Northern Greece, December 1940. Neither Maria nor the young Greek Air Force officer she meets can imagine how their lives will become so intertwined. As the war rages and keeps them apart, they each strive to defeat the enemy and liberate their motherland always living in hope that they will be together again one day. As their various missions take them through the Middle East to the African continent and then to wartime Italy, they struggle to keep in touch across the theatre of war. They will experience tragedy and sacrifice, success and adventure but unforeseen events on their chosen paths will pull them further away from each other until they finally meet again…

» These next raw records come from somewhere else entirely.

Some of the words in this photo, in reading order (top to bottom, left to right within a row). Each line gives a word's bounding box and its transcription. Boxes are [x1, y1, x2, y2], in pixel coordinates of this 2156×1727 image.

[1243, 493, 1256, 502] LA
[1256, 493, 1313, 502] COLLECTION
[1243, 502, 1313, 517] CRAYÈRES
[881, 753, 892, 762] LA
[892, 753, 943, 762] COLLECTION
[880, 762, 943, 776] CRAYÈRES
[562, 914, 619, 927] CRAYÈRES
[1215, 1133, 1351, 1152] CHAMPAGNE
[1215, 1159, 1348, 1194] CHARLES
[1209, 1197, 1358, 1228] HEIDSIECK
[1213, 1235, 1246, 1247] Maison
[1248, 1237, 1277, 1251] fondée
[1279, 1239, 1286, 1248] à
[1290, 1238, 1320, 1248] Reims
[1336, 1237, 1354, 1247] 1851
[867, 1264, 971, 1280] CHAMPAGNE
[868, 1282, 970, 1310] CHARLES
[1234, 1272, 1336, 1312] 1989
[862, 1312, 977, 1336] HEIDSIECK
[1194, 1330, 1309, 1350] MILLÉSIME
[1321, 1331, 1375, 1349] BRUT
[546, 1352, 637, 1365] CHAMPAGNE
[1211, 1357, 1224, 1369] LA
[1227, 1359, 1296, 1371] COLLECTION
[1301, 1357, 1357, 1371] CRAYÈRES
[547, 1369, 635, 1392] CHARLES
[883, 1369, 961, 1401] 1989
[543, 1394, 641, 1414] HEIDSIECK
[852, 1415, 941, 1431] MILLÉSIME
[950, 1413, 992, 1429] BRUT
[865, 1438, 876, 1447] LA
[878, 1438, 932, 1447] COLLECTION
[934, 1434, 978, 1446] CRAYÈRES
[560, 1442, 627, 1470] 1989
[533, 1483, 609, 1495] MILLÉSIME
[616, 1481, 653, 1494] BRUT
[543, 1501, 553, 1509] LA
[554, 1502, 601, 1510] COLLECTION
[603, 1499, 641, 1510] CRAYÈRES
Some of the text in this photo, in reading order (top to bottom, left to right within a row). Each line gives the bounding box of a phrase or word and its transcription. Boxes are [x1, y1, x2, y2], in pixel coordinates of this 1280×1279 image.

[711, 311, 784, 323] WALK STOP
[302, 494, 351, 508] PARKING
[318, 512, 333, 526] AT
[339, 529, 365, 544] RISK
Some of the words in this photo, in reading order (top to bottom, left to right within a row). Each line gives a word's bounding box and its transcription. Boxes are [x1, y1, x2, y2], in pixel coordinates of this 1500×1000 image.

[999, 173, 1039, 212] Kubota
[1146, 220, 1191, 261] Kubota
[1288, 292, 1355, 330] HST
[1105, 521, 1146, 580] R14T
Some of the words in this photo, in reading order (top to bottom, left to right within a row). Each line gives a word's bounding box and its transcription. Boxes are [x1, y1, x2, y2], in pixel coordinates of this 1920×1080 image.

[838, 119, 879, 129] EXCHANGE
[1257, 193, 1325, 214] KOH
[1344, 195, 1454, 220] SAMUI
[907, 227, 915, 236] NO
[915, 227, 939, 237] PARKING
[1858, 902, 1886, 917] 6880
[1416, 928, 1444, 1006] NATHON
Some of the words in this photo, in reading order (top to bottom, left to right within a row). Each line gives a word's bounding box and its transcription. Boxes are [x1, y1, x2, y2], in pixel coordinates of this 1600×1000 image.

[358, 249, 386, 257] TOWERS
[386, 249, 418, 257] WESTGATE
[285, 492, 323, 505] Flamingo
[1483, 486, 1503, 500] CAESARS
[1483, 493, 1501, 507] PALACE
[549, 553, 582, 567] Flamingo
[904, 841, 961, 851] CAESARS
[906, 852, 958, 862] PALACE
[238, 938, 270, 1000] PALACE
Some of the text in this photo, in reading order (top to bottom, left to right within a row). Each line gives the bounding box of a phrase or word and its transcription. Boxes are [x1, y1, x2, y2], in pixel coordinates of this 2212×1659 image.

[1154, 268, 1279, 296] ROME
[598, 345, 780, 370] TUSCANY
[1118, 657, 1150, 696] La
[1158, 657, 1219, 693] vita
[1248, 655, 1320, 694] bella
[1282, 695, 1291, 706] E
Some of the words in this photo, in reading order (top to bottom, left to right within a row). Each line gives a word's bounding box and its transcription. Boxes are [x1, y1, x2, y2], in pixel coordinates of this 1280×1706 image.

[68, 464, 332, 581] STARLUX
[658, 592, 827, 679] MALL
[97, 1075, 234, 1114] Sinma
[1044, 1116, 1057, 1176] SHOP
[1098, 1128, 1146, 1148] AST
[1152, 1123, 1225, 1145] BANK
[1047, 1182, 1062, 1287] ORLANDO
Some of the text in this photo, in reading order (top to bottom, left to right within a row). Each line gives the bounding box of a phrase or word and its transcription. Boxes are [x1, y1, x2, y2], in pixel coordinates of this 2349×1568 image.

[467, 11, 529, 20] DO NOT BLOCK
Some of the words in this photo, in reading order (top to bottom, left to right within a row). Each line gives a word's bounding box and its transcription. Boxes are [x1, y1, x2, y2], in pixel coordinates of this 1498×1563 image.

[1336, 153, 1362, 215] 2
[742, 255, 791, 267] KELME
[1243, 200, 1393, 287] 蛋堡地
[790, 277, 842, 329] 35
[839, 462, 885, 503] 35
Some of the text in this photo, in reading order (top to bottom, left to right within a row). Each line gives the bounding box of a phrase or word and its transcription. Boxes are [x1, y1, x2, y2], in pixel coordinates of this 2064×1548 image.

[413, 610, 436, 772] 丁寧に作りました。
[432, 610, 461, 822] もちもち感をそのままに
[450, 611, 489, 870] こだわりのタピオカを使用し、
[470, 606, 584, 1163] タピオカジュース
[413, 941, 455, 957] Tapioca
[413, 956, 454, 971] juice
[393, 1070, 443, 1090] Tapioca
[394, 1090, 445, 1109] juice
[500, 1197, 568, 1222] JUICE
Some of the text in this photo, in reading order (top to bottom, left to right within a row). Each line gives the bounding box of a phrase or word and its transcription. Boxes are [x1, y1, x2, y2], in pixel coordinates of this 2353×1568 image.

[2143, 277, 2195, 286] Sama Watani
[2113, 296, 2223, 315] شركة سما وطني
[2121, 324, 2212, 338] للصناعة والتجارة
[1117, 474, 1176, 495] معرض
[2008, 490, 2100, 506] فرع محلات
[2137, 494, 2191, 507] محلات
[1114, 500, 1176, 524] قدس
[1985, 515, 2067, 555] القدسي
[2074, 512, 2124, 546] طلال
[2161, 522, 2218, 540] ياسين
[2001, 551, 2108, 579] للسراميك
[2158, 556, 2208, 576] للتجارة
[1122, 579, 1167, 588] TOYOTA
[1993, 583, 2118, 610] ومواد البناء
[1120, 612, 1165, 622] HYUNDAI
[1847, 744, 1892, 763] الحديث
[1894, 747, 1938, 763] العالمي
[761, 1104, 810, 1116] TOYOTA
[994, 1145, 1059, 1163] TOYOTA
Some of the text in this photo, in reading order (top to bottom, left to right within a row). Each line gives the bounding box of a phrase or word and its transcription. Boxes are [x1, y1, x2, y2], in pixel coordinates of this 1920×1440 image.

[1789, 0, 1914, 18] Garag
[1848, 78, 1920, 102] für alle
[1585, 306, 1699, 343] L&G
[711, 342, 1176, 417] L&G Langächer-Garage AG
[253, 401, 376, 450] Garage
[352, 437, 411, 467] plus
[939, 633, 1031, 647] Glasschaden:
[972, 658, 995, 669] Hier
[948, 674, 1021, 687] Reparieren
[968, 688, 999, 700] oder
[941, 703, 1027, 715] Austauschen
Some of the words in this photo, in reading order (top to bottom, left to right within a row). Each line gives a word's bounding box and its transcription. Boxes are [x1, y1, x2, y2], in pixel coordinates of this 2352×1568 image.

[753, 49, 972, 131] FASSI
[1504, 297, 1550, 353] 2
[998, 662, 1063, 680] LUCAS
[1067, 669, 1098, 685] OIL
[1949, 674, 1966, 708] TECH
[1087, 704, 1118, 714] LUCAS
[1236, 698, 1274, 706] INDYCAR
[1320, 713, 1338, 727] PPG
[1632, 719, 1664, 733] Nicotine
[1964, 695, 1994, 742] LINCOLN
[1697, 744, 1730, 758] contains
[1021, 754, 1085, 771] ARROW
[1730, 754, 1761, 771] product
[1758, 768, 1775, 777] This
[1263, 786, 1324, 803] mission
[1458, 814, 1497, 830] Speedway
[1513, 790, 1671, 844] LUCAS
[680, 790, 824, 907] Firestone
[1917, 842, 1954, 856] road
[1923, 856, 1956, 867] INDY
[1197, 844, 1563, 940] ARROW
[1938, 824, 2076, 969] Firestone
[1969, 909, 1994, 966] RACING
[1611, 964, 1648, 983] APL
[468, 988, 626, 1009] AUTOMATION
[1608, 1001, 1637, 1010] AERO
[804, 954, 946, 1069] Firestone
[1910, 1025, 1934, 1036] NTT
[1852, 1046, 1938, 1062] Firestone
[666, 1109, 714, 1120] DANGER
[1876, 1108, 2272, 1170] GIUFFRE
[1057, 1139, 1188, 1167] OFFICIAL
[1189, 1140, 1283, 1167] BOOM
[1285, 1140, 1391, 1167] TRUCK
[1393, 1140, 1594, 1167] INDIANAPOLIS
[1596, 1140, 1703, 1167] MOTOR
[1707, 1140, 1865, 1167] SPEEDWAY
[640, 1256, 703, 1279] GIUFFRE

This historical narrative is a fascinating and true story of romance and heroism during the Second World War and the Greek Civil War that followed it, told from two perspectives, that of Maria and the Air Force Officer. There have been many accounts of such wartime heroism but this story is unique in its scope and personal detail. These two young people, both committed to their ideals, struggled to help liberate their country from the outside. They both faced loneliness and uncertainty, seeking out companionship but always hoping to find each other again. Maria’s account, taken from her personal notebooks, is shocking and unforgettable but her story is also an inspiring example of bravery and endurance. The author, Maria’s Greek flying officer, describes his own story of capture on Crete, his imprisonment and escape to join foreign squadrons to fight for the liberation of Greece. His recollections of his experience as a pilot and navigator during wartime and beyond are threaded through with humour and insight. As their two stories intertwine and move beyond the war years, their thoughts and dreams give them both hope and propel them forward in their lives.

Goodreads Blurb:

Warsaw, 1943. The city is a cage. And someone inside the resistance is holding the key for the enemy.
Tadeusz Wrona has been lying for three years.
A former Polish intelligence officer, he plays the most dangerous game in occupied Warsaw — feeding the Gestapo carefully measured scraps of intelligence to protect the resistance operations that matter most. Every Thursday, he sits across from his German handler at a café and plays chess. Every Thursday, he decides who lives and who dies. The arithmetic always balances. Until it doesn’t.
When a shadowy agent codenamed SOWA — the Owl — begins leaking real intelligence to the Germans, resistance networks fall one after another. Nine cells. Dozens dead. And the countdown to the planned Warsaw Uprising — forty thousand hidden fighters, one chance to reclaim the city — is running.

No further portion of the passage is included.